Polyethylene microplastics promote nucleus pulposus cell senescence by inducing oxidative stress via TLR4/NOX2 axis

This study aimed to detect and characterize microplastics in intervertebral disc and investigate their effects and molecular mechanism on intervertebral disc degeneration. We collected intervertebral disc tissues from cervical, lumbar, and thoracolumbar segments and used Raman spectroscopy to identify and characterize microplastics. Among 80 samples, 47 contained microplastics, with polyethylene being the most prevalent type. To explore the effects of polyethylene microplastics (PE-MPs), we established a mouse model and a nucleus pulposus cell model. Reactive oxygen species (ROS) levels were assessed via immunofluorescence staining, cell viability was measured using the CCK-8 assay, and protein expression related to the Toll-like receptor 4 (TLR4)/NADPH oxidase 2 (NOX2) axis, oxidative stress, and nucleus pulposus degeneration were evaluated through western blotting and immunofluorescence staining.
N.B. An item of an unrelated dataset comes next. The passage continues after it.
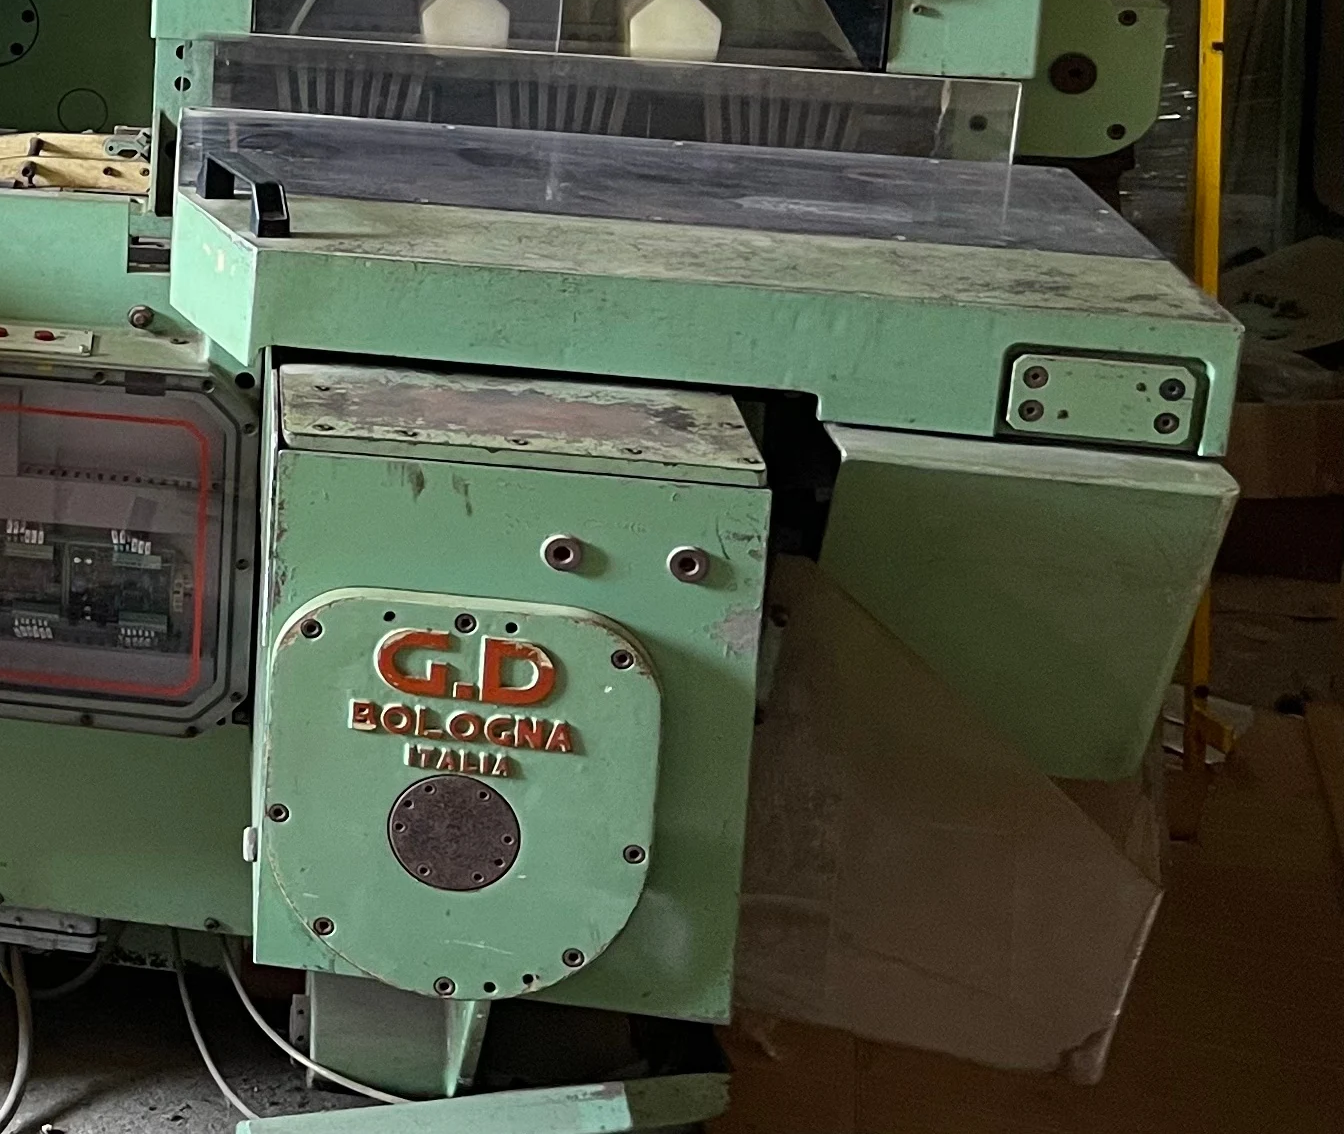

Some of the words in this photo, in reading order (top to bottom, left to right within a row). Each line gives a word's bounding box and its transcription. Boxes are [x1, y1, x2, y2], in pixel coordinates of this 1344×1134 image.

[373, 627, 557, 706] G.D
[348, 698, 574, 753] BOLOGNA
[403, 742, 510, 777] ITALIA
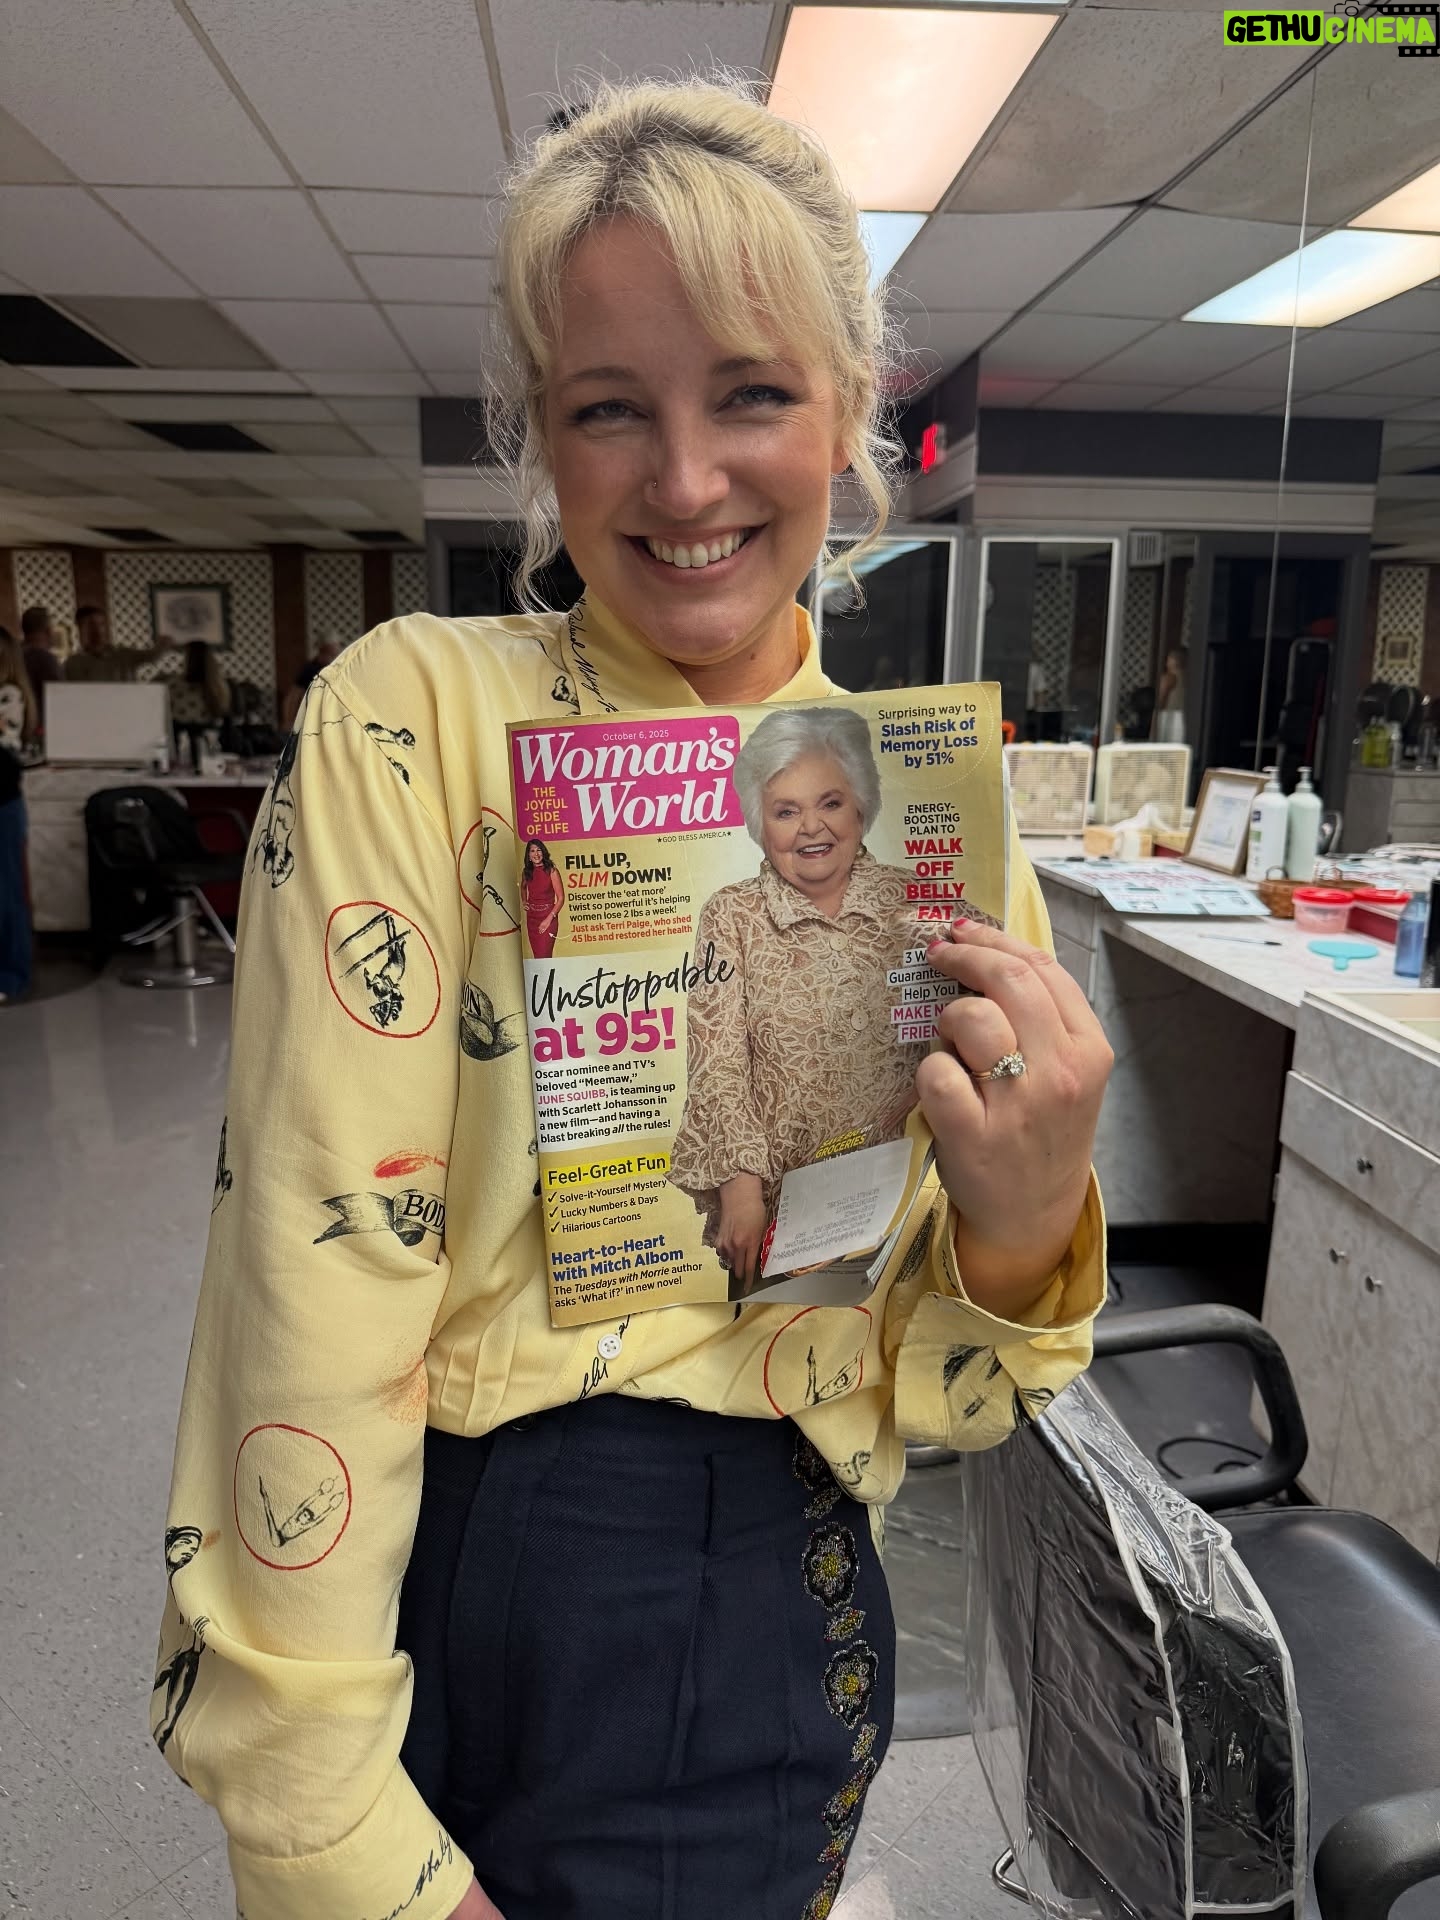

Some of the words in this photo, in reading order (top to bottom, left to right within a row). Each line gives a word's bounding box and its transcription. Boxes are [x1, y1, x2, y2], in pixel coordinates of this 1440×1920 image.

Results showed that PE-MPs exposure led to intervertebral disc degeneration by inducing oxidative stress and activating the TLR4 / NOX2 axis, which increased the senescence of nucleus pulposus cells. These effects were mitigated by TLR4 and NOX2 inhibitors. This research highlights the existence of microplastics in human intervertebral disc tissue and unveils a novel mechanism of nucleus pulposus cell senescence induced by PE-MPs, offering new avenues for clinical treatment of microplastic-related disc degeneration.